> [Exercise aim]: Down to the last line, write out the entries below exactly and omit all pictures.

> [Recorded information]:

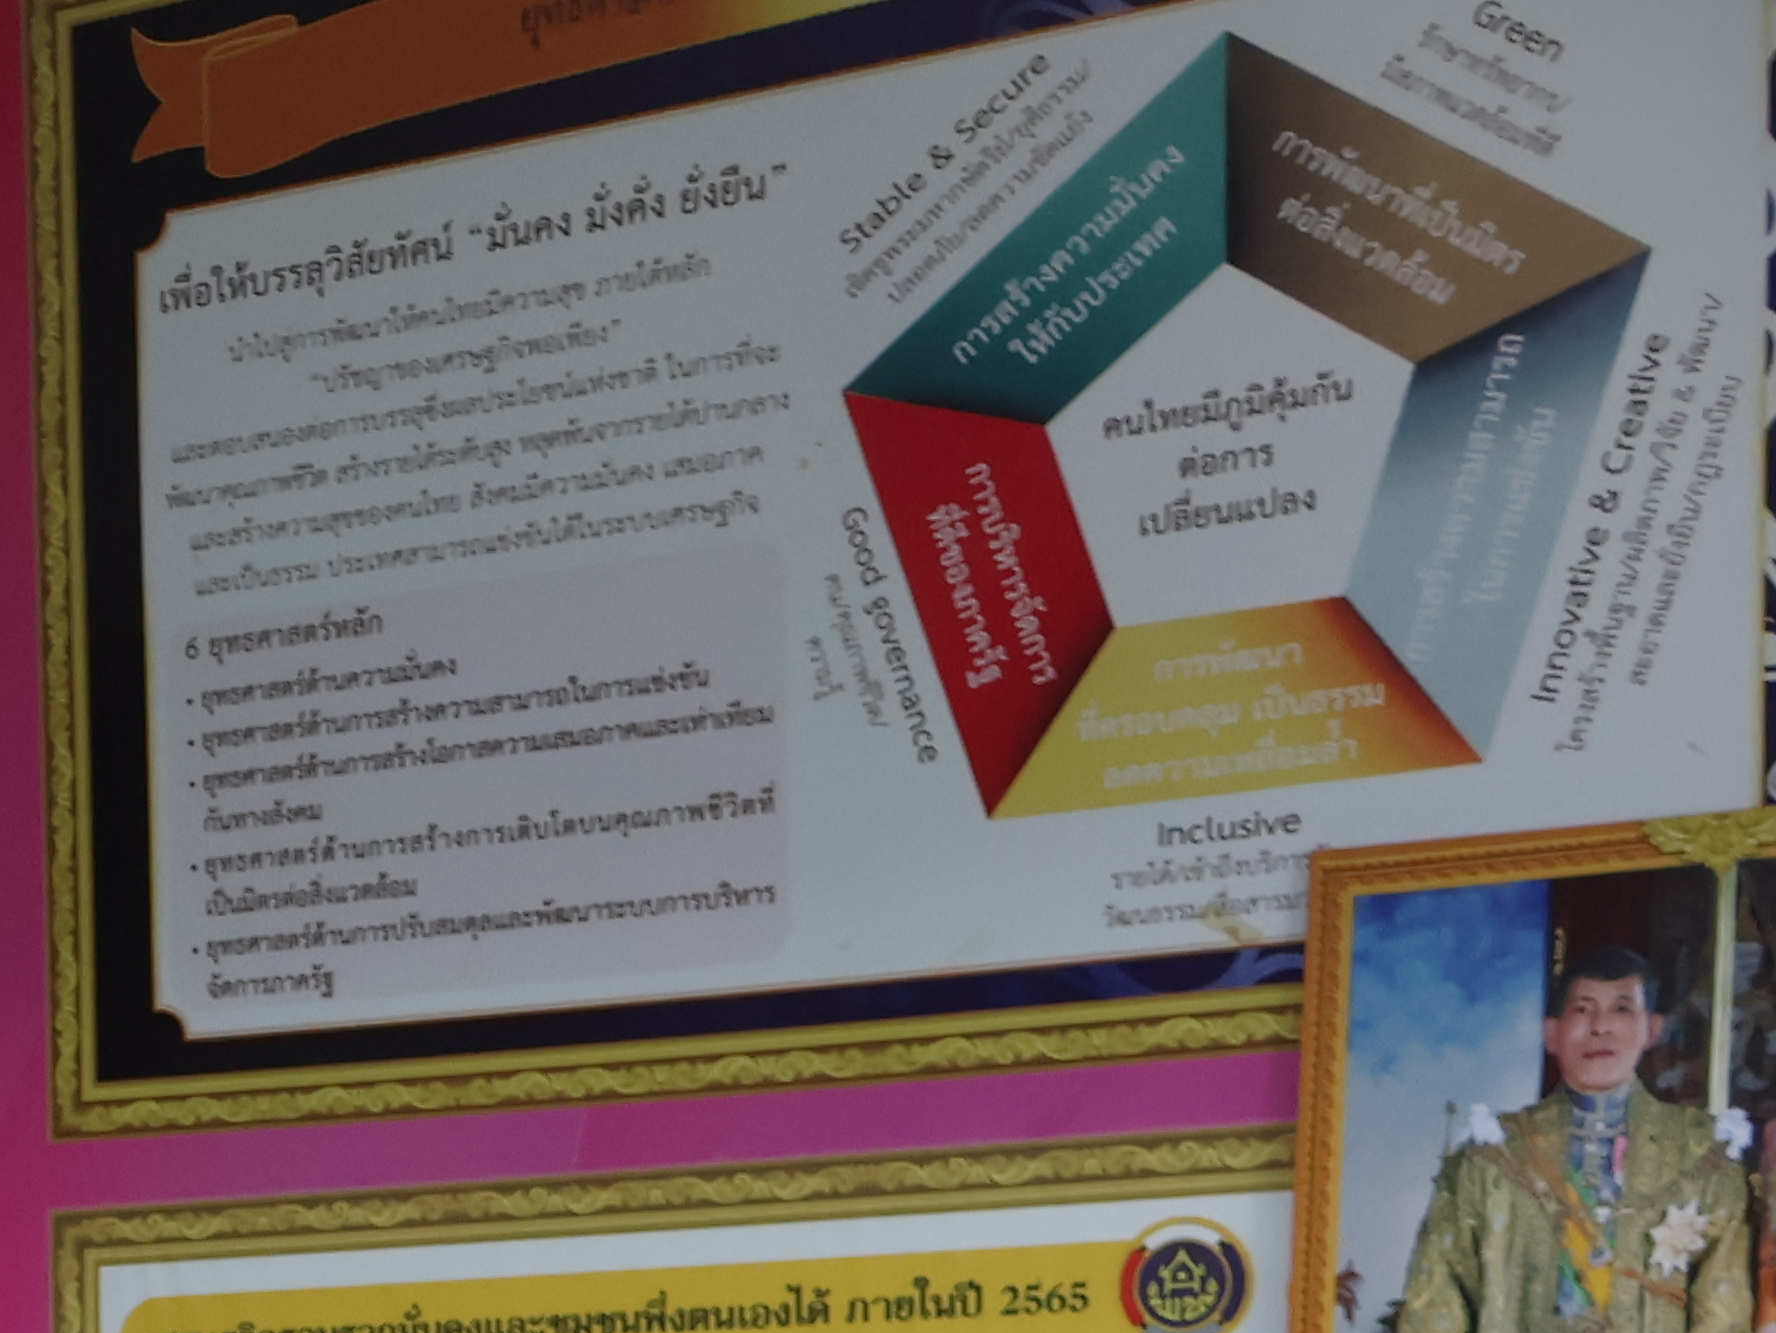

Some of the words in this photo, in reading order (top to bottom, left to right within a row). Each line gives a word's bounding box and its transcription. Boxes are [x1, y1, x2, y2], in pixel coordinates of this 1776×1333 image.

[1473, 0, 1565, 63] Green
[839, 172, 928, 254] Stable
[927, 144, 956, 171] &
[953, 53, 1052, 144] Secure
[159, 219, 454, 314] เพื่อให้บรรลุวิสัยทัศน์
[1600, 333, 1670, 476] Creative
[1178, 443, 1275, 479] ต่อการ
[1138, 487, 1318, 537] เปลี่ยนแปลง
[1588, 489, 1620, 517] &
[841, 506, 889, 587] Good
[1529, 525, 1611, 704] Innovative
[185, 637, 199, 660] 6
[861, 595, 940, 765] governance
[1156, 810, 1303, 848] Inclusive
[844, 1276, 983, 1325] ภายในปี
[999, 1280, 1090, 1317] 2565
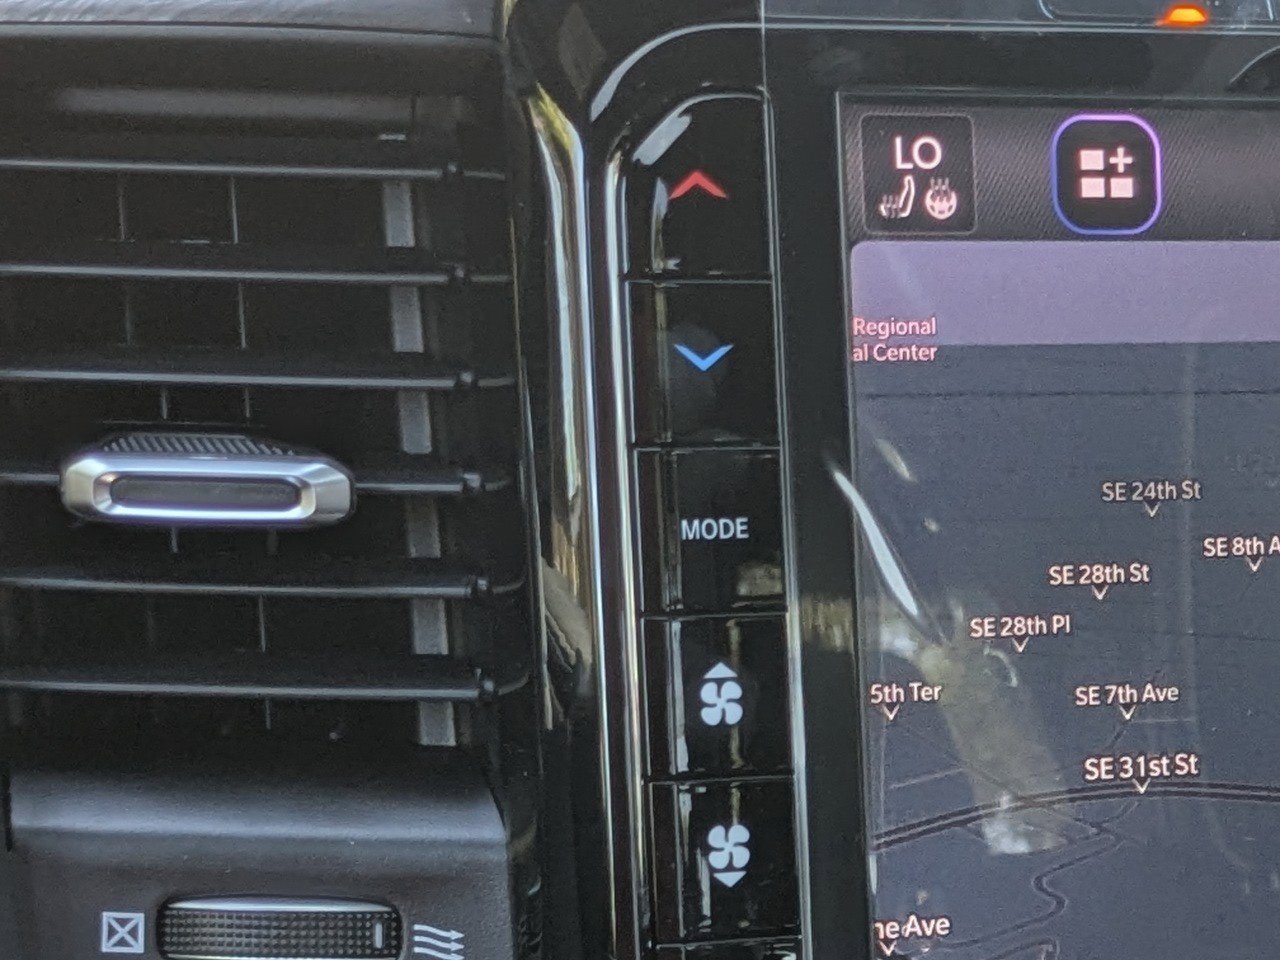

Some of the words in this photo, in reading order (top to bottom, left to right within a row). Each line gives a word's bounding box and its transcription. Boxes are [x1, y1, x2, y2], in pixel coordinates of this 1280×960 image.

[895, 136, 942, 170] LO
[853, 317, 936, 339] Regional
[853, 344, 868, 362] al
[873, 343, 938, 361] Center
[1102, 482, 1126, 501] SE
[1131, 481, 1177, 500] 24th
[1181, 480, 1201, 499] St
[681, 518, 750, 541] MODE
[1204, 537, 1227, 557] SE
[1232, 536, 1264, 556] 8th
[1049, 566, 1073, 585] SE
[1078, 565, 1125, 584] 28th
[1129, 564, 1150, 583] St
[970, 618, 996, 638] SE
[1000, 616, 1047, 636] 28th
[1053, 615, 1070, 634] Pl
[870, 683, 905, 704] 5th
[908, 683, 942, 701] Ter
[1075, 686, 1101, 705] SE
[1106, 684, 1138, 704] 7th
[1143, 684, 1179, 702] Ave
[1084, 759, 1114, 780] SE
[1119, 756, 1169, 778] 31st
[1175, 754, 1198, 776] St
[903, 914, 950, 937] Ave
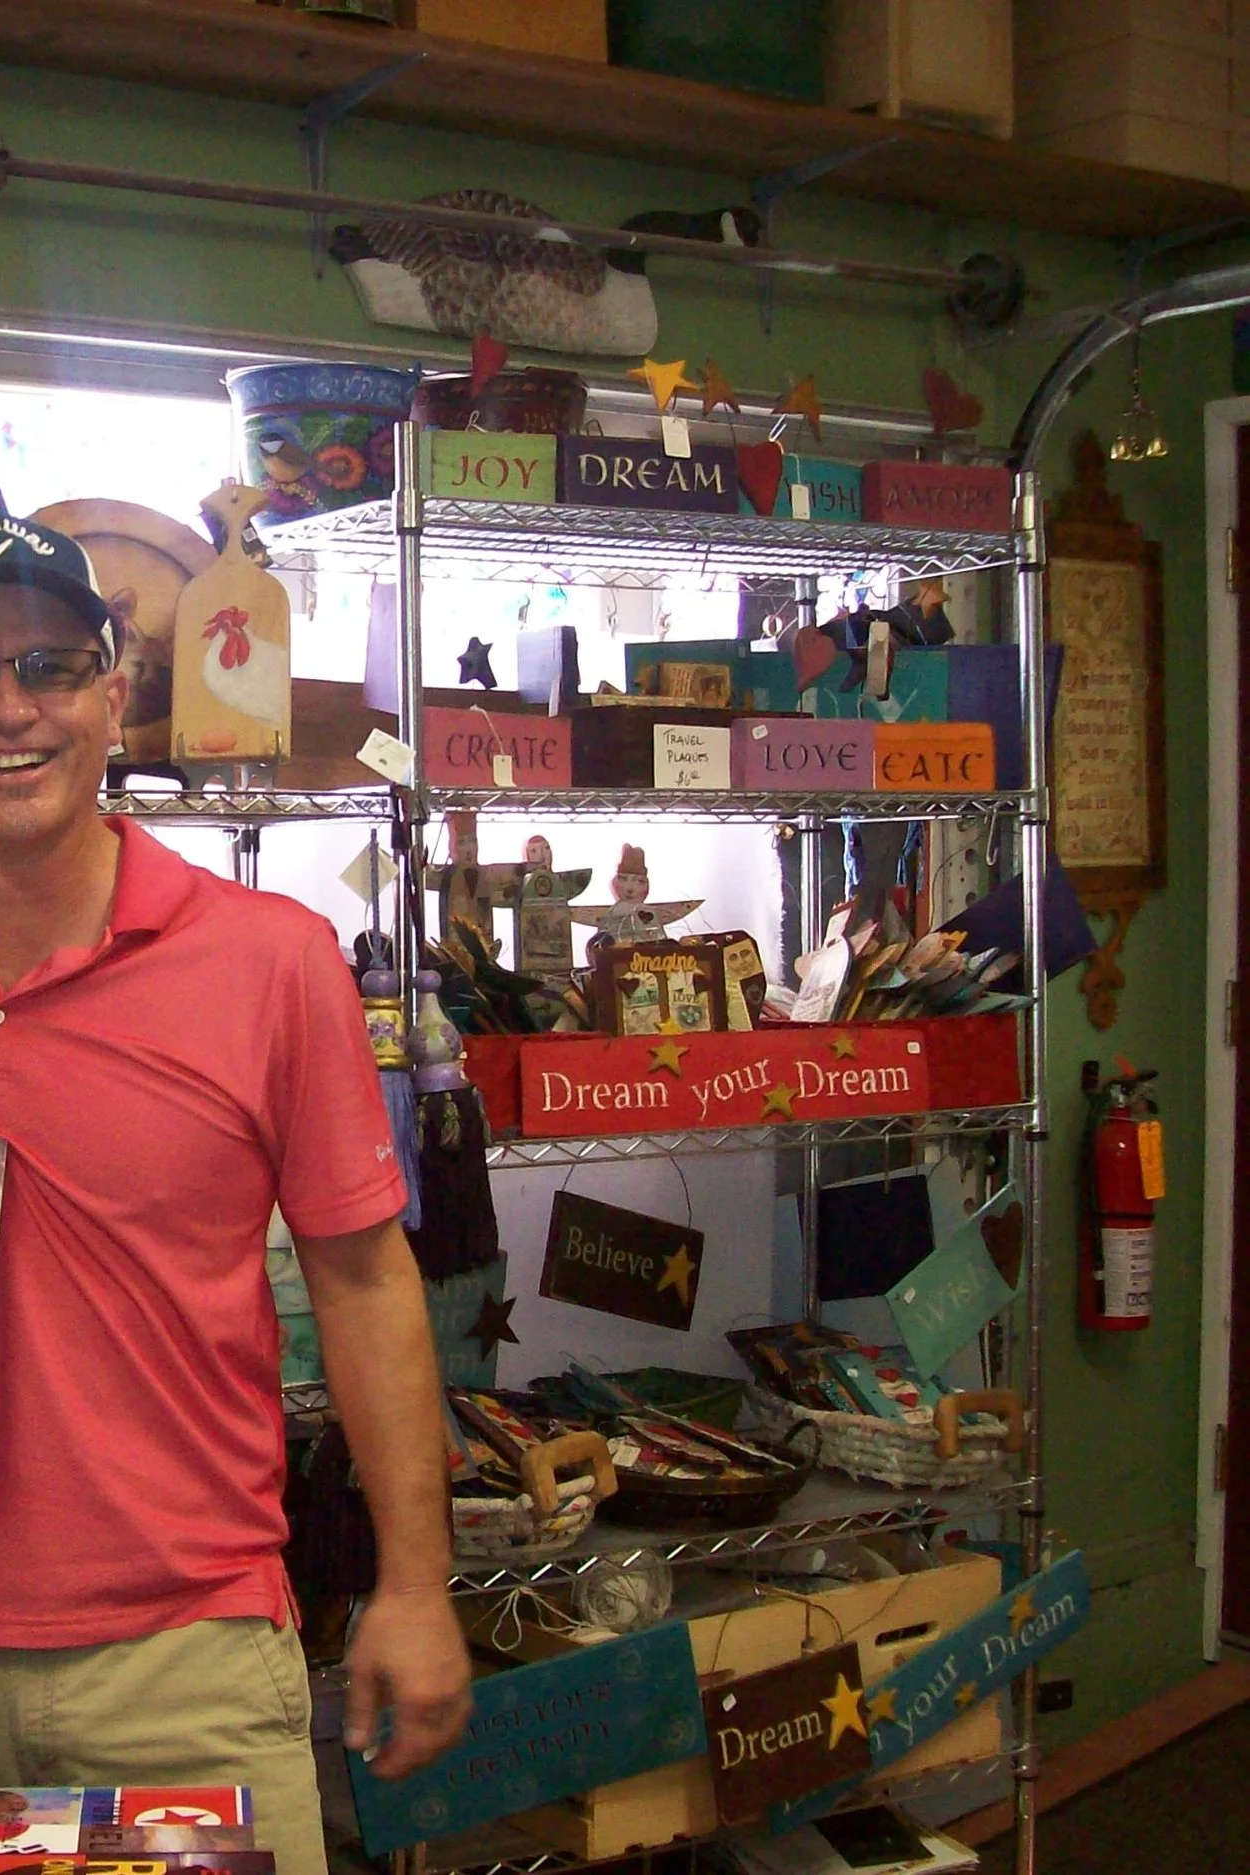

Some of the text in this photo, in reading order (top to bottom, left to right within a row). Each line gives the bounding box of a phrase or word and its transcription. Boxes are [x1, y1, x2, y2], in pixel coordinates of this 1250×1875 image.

[451, 455, 539, 490] JOY
[578, 453, 726, 495] DREAM
[662, 728, 705, 747] TRAVEL
[666, 749, 710, 765] PLAQUES
[763, 742, 858, 772] LOVE
[629, 952, 698, 974] Imagine
[541, 1058, 911, 1121] Dream your Dream
[563, 1226, 654, 1280] Believe
[896, 1653, 958, 1746] your
[717, 1709, 824, 1771] Dream

> [Response to the exercise]:
Some of the words in this photo, in reading order (top to bottom, left to right within a row). Each line gives a word's bounding box and its transcription. Boxes are [x1, y1, x2, y2], in pixel coordinates of this 1776×1333 image.

[1473, 0, 1565, 63] Green
[839, 172, 928, 254] Stable
[927, 144, 956, 171] &
[953, 53, 1052, 144] Secure
[159, 219, 454, 314] เพื่อให้บรรลุวิสัยทัศน์
[1600, 333, 1670, 476] Creative
[1178, 443, 1275, 479] ต่อการ
[1138, 487, 1318, 537] เปลี่ยนแปลง
[1588, 489, 1620, 517] &
[841, 506, 889, 587] Good
[1529, 525, 1611, 704] Innovative
[185, 637, 199, 660] 6
[861, 595, 940, 765] governance
[1156, 810, 1303, 848] Inclusive
[844, 1276, 983, 1325] ภายในปี
[999, 1280, 1090, 1317] 2565

Some of the words in this photo, in reading order (top to bottom, left to right within a row). Each line gives a word's bounding box and its transcription. Boxes are [x1, y1, x2, y2], in pixel coordinates of this 1280×960 image.

[895, 136, 942, 170] LO
[853, 317, 936, 339] Regional
[853, 344, 868, 362] al
[873, 343, 938, 361] Center
[1102, 482, 1126, 501] SE
[1131, 481, 1177, 500] 24th
[1181, 480, 1201, 499] St
[681, 518, 750, 541] MODE
[1204, 537, 1227, 557] SE
[1232, 536, 1264, 556] 8th
[1049, 566, 1073, 585] SE
[1078, 565, 1125, 584] 28th
[1129, 564, 1150, 583] St
[970, 618, 996, 638] SE
[1000, 616, 1047, 636] 28th
[1053, 615, 1070, 634] Pl
[870, 683, 905, 704] 5th
[908, 683, 942, 701] Ter
[1075, 686, 1101, 705] SE
[1106, 684, 1138, 704] 7th
[1143, 684, 1179, 702] Ave
[1084, 759, 1114, 780] SE
[1119, 756, 1169, 778] 31st
[1175, 754, 1198, 776] St
[903, 914, 950, 937] Ave

Some of the text in this photo, in reading order (top to bottom, left to right within a row). Each line gives the bounding box of a phrase or word and its transcription. Boxes are [x1, y1, x2, y2], in pixel coordinates of this 1250×1875 image.

[451, 455, 539, 490] JOY
[578, 453, 726, 495] DREAM
[662, 728, 705, 747] TRAVEL
[666, 749, 710, 765] PLAQUES
[763, 742, 858, 772] LOVE
[629, 952, 698, 974] Imagine
[541, 1058, 911, 1121] Dream your Dream
[563, 1226, 654, 1280] Believe
[896, 1653, 958, 1746] your
[717, 1709, 824, 1771] Dream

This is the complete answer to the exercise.